[Annotated photo localization data]
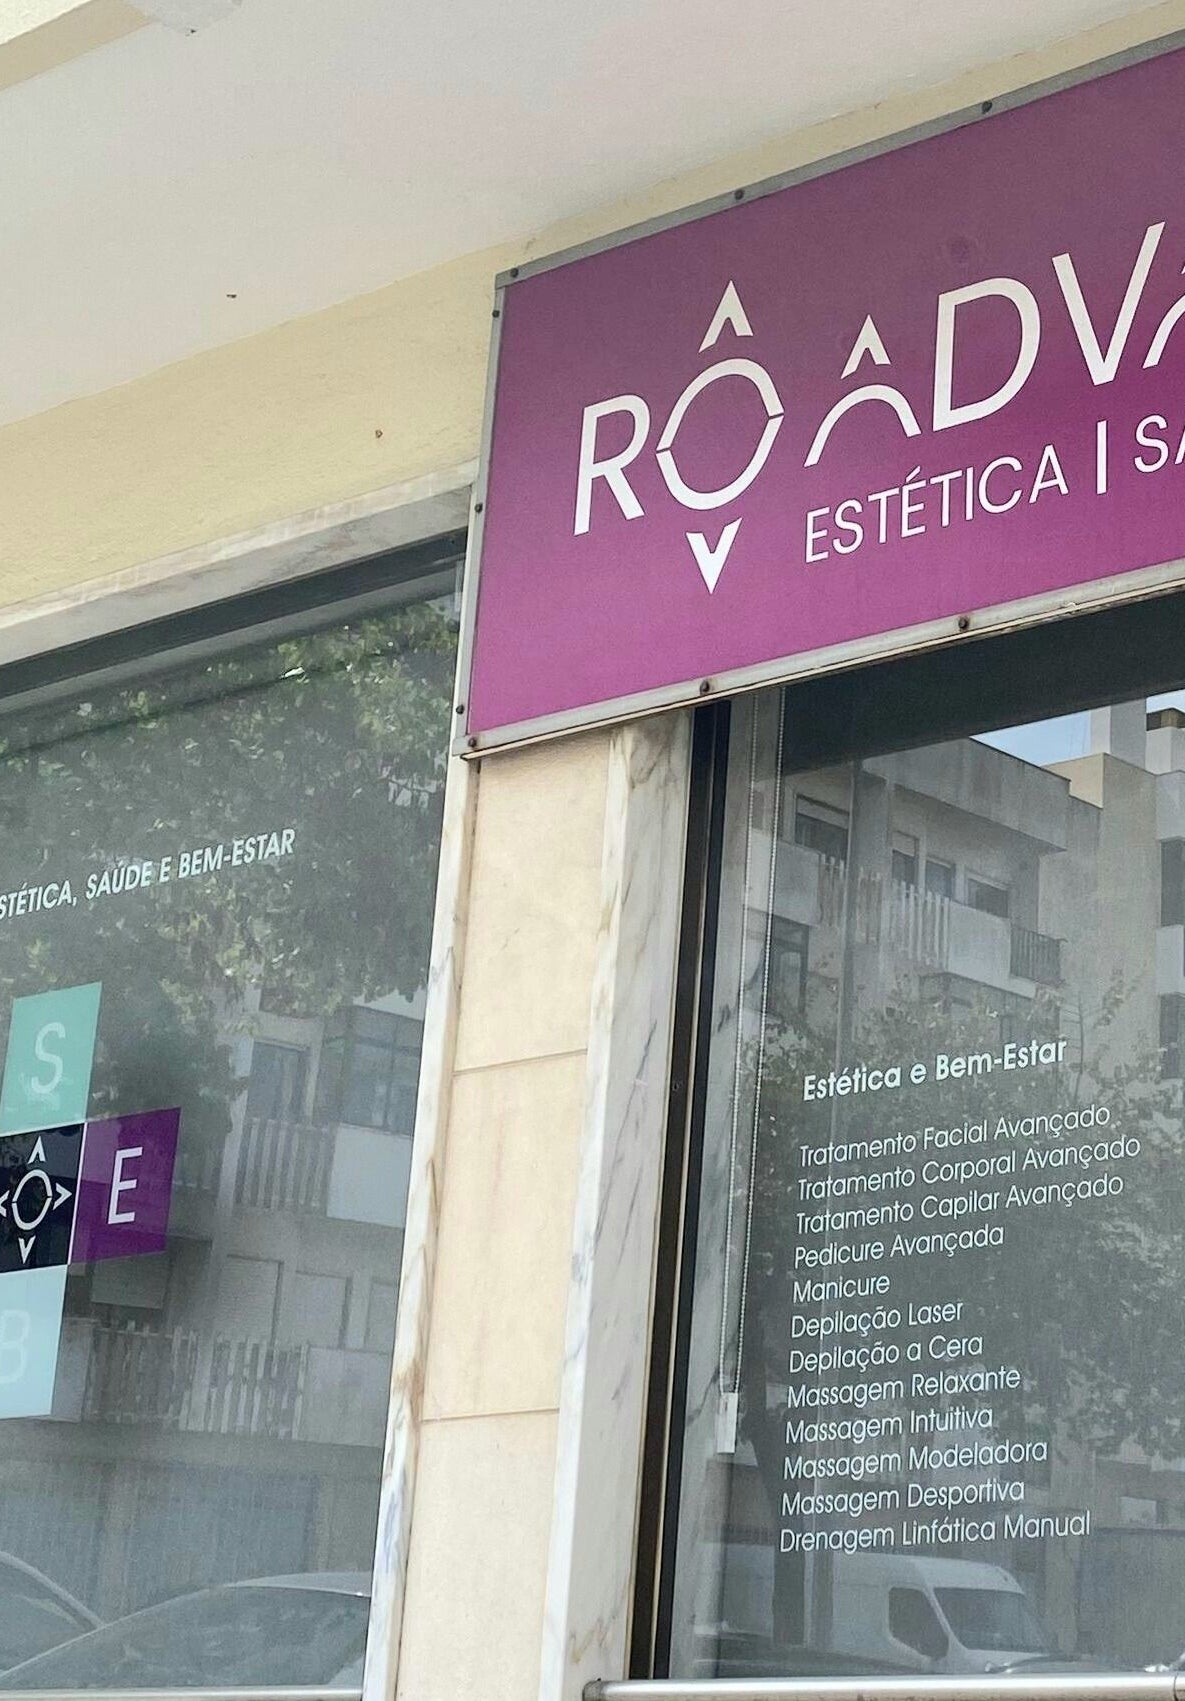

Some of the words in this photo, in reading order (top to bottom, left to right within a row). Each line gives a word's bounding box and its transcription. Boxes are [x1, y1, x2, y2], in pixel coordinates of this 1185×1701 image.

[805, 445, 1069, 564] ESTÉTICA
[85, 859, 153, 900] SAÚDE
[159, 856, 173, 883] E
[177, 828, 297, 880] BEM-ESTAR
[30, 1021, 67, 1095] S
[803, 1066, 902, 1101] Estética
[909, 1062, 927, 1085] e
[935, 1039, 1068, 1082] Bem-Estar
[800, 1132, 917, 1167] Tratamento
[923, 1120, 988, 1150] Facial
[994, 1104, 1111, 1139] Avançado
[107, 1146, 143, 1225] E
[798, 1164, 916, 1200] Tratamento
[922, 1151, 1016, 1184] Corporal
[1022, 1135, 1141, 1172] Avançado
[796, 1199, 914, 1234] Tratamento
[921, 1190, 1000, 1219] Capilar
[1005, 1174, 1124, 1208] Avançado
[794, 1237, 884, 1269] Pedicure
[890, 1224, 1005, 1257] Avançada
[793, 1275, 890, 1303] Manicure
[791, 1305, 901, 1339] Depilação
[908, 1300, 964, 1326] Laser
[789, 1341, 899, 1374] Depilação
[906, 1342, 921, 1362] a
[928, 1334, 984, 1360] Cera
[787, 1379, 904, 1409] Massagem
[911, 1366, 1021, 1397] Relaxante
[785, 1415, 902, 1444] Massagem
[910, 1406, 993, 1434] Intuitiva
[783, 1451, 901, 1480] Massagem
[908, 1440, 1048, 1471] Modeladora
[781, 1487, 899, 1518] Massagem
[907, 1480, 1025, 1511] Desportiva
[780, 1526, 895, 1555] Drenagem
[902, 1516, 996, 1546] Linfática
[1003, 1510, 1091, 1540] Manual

§ **Task to complete**:
Skip the pictures and transcribe the rest of the records exactly.

§ **Response area**:
Some of the words in this photo, in reading order (top to bottom, left to right within a row). Each line gives a word's bounding box and its transcription. Boxes are [x1, y1, x2, y2], in pixel coordinates of this 1185×1701 image.

[805, 445, 1069, 564] ESTÉTICA
[85, 859, 153, 900] SAÚDE
[159, 856, 173, 883] E
[177, 828, 297, 880] BEM-ESTAR
[30, 1021, 67, 1095] S
[803, 1066, 902, 1101] Estética
[909, 1062, 927, 1085] e
[935, 1039, 1068, 1082] Bem-Estar
[800, 1132, 917, 1167] Tratamento
[923, 1120, 988, 1150] Facial
[994, 1104, 1111, 1139] Avançado
[107, 1146, 143, 1225] E
[798, 1164, 916, 1200] Tratamento
[922, 1151, 1016, 1184] Corporal
[1022, 1135, 1141, 1172] Avançado
[796, 1199, 914, 1234] Tratamento
[921, 1190, 1000, 1219] Capilar
[1005, 1174, 1124, 1208] Avançado
[794, 1237, 884, 1269] Pedicure
[890, 1224, 1005, 1257] Avançada
[793, 1275, 890, 1303] Manicure
[791, 1305, 901, 1339] Depilação
[908, 1300, 964, 1326] Laser
[789, 1341, 899, 1374] Depilação
[906, 1342, 921, 1362] a
[928, 1334, 984, 1360] Cera
[787, 1379, 904, 1409] Massagem
[911, 1366, 1021, 1397] Relaxante
[785, 1415, 902, 1444] Massagem
[910, 1406, 993, 1434] Intuitiva
[783, 1451, 901, 1480] Massagem
[908, 1440, 1048, 1471] Modeladora
[781, 1487, 899, 1518] Massagem
[907, 1480, 1025, 1511] Desportiva
[780, 1526, 895, 1555] Drenagem
[902, 1516, 996, 1546] Linfática
[1003, 1510, 1091, 1540] Manual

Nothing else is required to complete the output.